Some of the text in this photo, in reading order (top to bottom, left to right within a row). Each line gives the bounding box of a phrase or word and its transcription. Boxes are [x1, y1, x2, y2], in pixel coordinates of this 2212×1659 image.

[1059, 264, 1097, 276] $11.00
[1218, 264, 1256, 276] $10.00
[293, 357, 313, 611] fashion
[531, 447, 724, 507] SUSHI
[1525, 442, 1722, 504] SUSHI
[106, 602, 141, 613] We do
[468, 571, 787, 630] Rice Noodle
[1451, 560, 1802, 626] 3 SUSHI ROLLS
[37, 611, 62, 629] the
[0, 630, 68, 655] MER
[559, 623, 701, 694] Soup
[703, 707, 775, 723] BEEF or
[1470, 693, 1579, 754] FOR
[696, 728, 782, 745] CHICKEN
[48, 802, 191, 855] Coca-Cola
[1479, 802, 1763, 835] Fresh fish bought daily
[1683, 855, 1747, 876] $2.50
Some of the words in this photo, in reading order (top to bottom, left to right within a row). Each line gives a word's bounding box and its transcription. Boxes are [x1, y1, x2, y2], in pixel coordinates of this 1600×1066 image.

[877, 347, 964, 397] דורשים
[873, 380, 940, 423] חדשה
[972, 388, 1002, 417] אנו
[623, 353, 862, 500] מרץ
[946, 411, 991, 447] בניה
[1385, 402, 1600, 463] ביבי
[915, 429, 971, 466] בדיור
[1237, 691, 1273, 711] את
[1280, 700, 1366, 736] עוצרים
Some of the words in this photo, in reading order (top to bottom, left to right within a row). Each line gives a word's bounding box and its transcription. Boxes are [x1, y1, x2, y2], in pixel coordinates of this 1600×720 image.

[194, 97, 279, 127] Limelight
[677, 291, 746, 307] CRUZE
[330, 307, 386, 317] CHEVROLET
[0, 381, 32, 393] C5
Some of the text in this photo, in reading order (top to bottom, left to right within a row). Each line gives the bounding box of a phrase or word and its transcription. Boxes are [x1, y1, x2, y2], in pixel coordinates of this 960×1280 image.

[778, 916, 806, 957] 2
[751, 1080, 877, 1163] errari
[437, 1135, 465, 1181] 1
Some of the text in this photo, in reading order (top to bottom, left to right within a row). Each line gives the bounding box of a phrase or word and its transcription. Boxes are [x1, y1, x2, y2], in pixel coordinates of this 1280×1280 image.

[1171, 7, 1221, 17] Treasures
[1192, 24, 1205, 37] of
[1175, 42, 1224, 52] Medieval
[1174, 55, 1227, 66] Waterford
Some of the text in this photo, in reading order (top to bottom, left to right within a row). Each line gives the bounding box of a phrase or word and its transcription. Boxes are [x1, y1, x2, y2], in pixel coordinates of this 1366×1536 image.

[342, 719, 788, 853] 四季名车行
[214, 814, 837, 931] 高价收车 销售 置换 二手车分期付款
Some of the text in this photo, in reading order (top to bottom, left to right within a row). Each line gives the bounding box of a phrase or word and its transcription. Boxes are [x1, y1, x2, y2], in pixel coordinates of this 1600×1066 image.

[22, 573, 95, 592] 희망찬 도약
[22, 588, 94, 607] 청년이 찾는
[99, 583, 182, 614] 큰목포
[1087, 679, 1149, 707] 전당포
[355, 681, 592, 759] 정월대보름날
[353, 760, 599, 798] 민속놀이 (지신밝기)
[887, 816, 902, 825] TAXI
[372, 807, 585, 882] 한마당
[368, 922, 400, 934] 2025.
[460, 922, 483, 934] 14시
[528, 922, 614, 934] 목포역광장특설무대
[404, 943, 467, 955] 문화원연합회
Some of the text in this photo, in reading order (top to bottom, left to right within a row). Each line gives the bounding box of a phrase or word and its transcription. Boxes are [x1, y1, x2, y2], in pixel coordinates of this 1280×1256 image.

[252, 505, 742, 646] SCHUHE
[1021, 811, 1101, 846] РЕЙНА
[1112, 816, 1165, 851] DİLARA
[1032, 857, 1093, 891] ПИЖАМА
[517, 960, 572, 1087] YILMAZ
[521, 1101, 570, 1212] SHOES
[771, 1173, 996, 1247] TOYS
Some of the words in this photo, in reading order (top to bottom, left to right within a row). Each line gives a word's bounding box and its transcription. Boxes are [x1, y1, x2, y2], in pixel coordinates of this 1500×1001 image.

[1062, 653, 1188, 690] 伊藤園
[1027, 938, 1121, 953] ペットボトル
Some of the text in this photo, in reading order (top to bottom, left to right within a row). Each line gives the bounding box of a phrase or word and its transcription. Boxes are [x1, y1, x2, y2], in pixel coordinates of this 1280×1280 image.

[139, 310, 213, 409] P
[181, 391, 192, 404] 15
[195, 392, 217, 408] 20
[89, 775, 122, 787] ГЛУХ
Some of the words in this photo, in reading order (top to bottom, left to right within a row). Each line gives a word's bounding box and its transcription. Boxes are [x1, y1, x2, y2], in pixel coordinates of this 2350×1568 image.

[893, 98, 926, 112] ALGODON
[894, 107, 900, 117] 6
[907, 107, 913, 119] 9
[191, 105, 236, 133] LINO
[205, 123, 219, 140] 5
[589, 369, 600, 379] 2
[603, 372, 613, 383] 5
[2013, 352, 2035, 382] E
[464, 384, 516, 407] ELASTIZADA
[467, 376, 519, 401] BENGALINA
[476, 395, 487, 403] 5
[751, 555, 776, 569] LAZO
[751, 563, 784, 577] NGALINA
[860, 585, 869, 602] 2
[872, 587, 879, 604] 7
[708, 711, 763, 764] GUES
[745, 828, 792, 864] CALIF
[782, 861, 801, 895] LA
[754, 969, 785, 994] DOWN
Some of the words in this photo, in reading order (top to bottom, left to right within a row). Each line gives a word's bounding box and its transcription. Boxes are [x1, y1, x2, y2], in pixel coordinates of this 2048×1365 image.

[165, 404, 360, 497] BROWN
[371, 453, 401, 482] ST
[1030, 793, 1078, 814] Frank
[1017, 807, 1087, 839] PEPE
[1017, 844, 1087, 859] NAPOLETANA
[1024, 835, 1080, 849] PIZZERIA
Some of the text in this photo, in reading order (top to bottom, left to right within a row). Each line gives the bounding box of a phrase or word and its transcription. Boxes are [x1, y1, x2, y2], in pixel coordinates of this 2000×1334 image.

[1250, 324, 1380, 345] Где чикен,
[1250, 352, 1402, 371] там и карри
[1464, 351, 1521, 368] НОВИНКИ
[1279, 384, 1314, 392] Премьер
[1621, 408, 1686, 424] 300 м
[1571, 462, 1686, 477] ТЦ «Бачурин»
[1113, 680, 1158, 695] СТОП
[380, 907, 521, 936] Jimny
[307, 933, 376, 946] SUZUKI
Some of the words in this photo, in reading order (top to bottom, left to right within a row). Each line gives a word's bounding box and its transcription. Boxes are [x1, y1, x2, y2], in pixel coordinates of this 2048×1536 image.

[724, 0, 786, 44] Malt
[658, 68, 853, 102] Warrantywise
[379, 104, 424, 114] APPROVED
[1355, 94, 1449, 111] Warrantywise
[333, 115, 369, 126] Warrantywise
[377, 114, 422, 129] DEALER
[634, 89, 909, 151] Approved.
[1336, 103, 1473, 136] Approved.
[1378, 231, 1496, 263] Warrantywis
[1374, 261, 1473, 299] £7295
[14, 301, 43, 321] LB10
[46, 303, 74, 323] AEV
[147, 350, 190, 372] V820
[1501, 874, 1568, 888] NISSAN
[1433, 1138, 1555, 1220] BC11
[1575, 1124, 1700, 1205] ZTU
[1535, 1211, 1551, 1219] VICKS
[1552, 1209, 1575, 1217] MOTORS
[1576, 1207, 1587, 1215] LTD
● ● ●
**TRY IT**
Keeping each word as given, write out the material above.

**TASK RESULT**
Some of the text in this photo, in reading order (top to bottom, left to right within a row). Each line gives the bounding box of a phrase or word and its transcription. Boxes are [x1, y1, x2, y2], in pixel coordinates of this 2212×1659 image.

[1059, 264, 1097, 276] $11.00
[1218, 264, 1256, 276] $10.00
[293, 357, 313, 611] fashion
[531, 447, 724, 507] SUSHI
[1525, 442, 1722, 504] SUSHI
[106, 602, 141, 613] We do
[468, 571, 787, 630] Rice Noodle
[1451, 560, 1802, 626] 3 SUSHI ROLLS
[37, 611, 62, 629] the
[0, 630, 68, 655] MER
[559, 623, 701, 694] Soup
[703, 707, 775, 723] BEEF or
[1470, 693, 1579, 754] FOR
[696, 728, 782, 745] CHICKEN
[48, 802, 191, 855] Coca-Cola
[1479, 802, 1763, 835] Fresh fish bought daily
[1683, 855, 1747, 876] $2.50
Some of the words in this photo, in reading order (top to bottom, left to right within a row). Each line gives a word's bounding box and its transcription. Boxes are [x1, y1, x2, y2], in pixel coordinates of this 1600×1066 image.

[877, 347, 964, 397] דורשים
[873, 380, 940, 423] חדשה
[972, 388, 1002, 417] אנו
[623, 353, 862, 500] מרץ
[946, 411, 991, 447] בניה
[1385, 402, 1600, 463] ביבי
[915, 429, 971, 466] בדיור
[1237, 691, 1273, 711] את
[1280, 700, 1366, 736] עוצרים
Some of the words in this photo, in reading order (top to bottom, left to right within a row). Each line gives a word's bounding box and its transcription. Boxes are [x1, y1, x2, y2], in pixel coordinates of this 1600×720 image.

[194, 97, 279, 127] Limelight
[677, 291, 746, 307] CRUZE
[330, 307, 386, 317] CHEVROLET
[0, 381, 32, 393] C5
Some of the text in this photo, in reading order (top to bottom, left to right within a row). Each line gives the bounding box of a phrase or word and its transcription. Boxes are [x1, y1, x2, y2], in pixel coordinates of this 960×1280 image.

[778, 916, 806, 957] 2
[751, 1080, 877, 1163] errari
[437, 1135, 465, 1181] 1
Some of the text in this photo, in reading order (top to bottom, left to right within a row). Each line gives the bounding box of a phrase or word and its transcription. Boxes are [x1, y1, x2, y2], in pixel coordinates of this 1280×1280 image.

[1171, 7, 1221, 17] Treasures
[1192, 24, 1205, 37] of
[1175, 42, 1224, 52] Medieval
[1174, 55, 1227, 66] Waterford
Some of the text in this photo, in reading order (top to bottom, left to right within a row). Each line gives the bounding box of a phrase or word and its transcription. Boxes are [x1, y1, x2, y2], in pixel coordinates of this 1366×1536 image.

[342, 719, 788, 853] 四季名车行
[214, 814, 837, 931] 高价收车 销售 置换 二手车分期付款
Some of the text in this photo, in reading order (top to bottom, left to right within a row). Each line gives the bounding box of a phrase or word and its transcription. Boxes are [x1, y1, x2, y2], in pixel coordinates of this 1600×1066 image.

[22, 573, 95, 592] 희망찬 도약
[22, 588, 94, 607] 청년이 찾는
[99, 583, 182, 614] 큰목포
[1087, 679, 1149, 707] 전당포
[355, 681, 592, 759] 정월대보름날
[353, 760, 599, 798] 민속놀이 (지신밝기)
[887, 816, 902, 825] TAXI
[372, 807, 585, 882] 한마당
[368, 922, 400, 934] 2025.
[460, 922, 483, 934] 14시
[528, 922, 614, 934] 목포역광장특설무대
[404, 943, 467, 955] 문화원연합회
Some of the text in this photo, in reading order (top to bottom, left to right within a row). Each line gives the bounding box of a phrase or word and its transcription. Boxes are [x1, y1, x2, y2], in pixel coordinates of this 1280×1256 image.

[252, 505, 742, 646] SCHUHE
[1021, 811, 1101, 846] РЕЙНА
[1112, 816, 1165, 851] DİLARA
[1032, 857, 1093, 891] ПИЖАМА
[517, 960, 572, 1087] YILMAZ
[521, 1101, 570, 1212] SHOES
[771, 1173, 996, 1247] TOYS
Some of the words in this photo, in reading order (top to bottom, left to right within a row). Each line gives a word's bounding box and its transcription. Boxes are [x1, y1, x2, y2], in pixel coordinates of this 1500×1001 image.

[1062, 653, 1188, 690] 伊藤園
[1027, 938, 1121, 953] ペットボトル
Some of the text in this photo, in reading order (top to bottom, left to right within a row). Each line gives the bounding box of a phrase or word and its transcription. Boxes are [x1, y1, x2, y2], in pixel coordinates of this 1280×1280 image.

[139, 310, 213, 409] P
[181, 391, 192, 404] 15
[195, 392, 217, 408] 20
[89, 775, 122, 787] ГЛУХ
Some of the words in this photo, in reading order (top to bottom, left to right within a row). Each line gives a word's bounding box and its transcription. Boxes are [x1, y1, x2, y2], in pixel coordinates of this 2350×1568 image.

[893, 98, 926, 112] ALGODON
[894, 107, 900, 117] 6
[907, 107, 913, 119] 9
[191, 105, 236, 133] LINO
[205, 123, 219, 140] 5
[589, 369, 600, 379] 2
[603, 372, 613, 383] 5
[2013, 352, 2035, 382] E
[464, 384, 516, 407] ELASTIZADA
[467, 376, 519, 401] BENGALINA
[476, 395, 487, 403] 5
[751, 555, 776, 569] LAZO
[751, 563, 784, 577] NGALINA
[860, 585, 869, 602] 2
[872, 587, 879, 604] 7
[708, 711, 763, 764] GUES
[745, 828, 792, 864] CALIF
[782, 861, 801, 895] LA
[754, 969, 785, 994] DOWN
Some of the words in this photo, in reading order (top to bottom, left to right within a row). Each line gives a word's bounding box and its transcription. Boxes are [x1, y1, x2, y2], in pixel coordinates of this 2048×1365 image.

[165, 404, 360, 497] BROWN
[371, 453, 401, 482] ST
[1030, 793, 1078, 814] Frank
[1017, 807, 1087, 839] PEPE
[1017, 844, 1087, 859] NAPOLETANA
[1024, 835, 1080, 849] PIZZERIA
Some of the text in this photo, in reading order (top to bottom, left to right within a row). Each line gives the bounding box of a phrase or word and its transcription. Boxes are [x1, y1, x2, y2], in pixel coordinates of this 2000×1334 image.

[1250, 324, 1380, 345] Где чикен,
[1250, 352, 1402, 371] там и карри
[1464, 351, 1521, 368] НОВИНКИ
[1279, 384, 1314, 392] Премьер
[1621, 408, 1686, 424] 300 м
[1571, 462, 1686, 477] ТЦ «Бачурин»
[1113, 680, 1158, 695] СТОП
[380, 907, 521, 936] Jimny
[307, 933, 376, 946] SUZUKI
Some of the words in this photo, in reading order (top to bottom, left to right within a row). Each line gives a word's bounding box and its transcription. Boxes are [x1, y1, x2, y2], in pixel coordinates of this 2048×1536 image.

[724, 0, 786, 44] Malt
[658, 68, 853, 102] Warrantywise
[379, 104, 424, 114] APPROVED
[1355, 94, 1449, 111] Warrantywise
[333, 115, 369, 126] Warrantywise
[377, 114, 422, 129] DEALER
[634, 89, 909, 151] Approved.
[1336, 103, 1473, 136] Approved.
[1378, 231, 1496, 263] Warrantywis
[1374, 261, 1473, 299] £7295
[14, 301, 43, 321] LB10
[46, 303, 74, 323] AEV
[147, 350, 190, 372] V820
[1501, 874, 1568, 888] NISSAN
[1433, 1138, 1555, 1220] BC11
[1575, 1124, 1700, 1205] ZTU
[1535, 1211, 1551, 1219] VICKS
[1552, 1209, 1575, 1217] MOTORS
[1576, 1207, 1587, 1215] LTD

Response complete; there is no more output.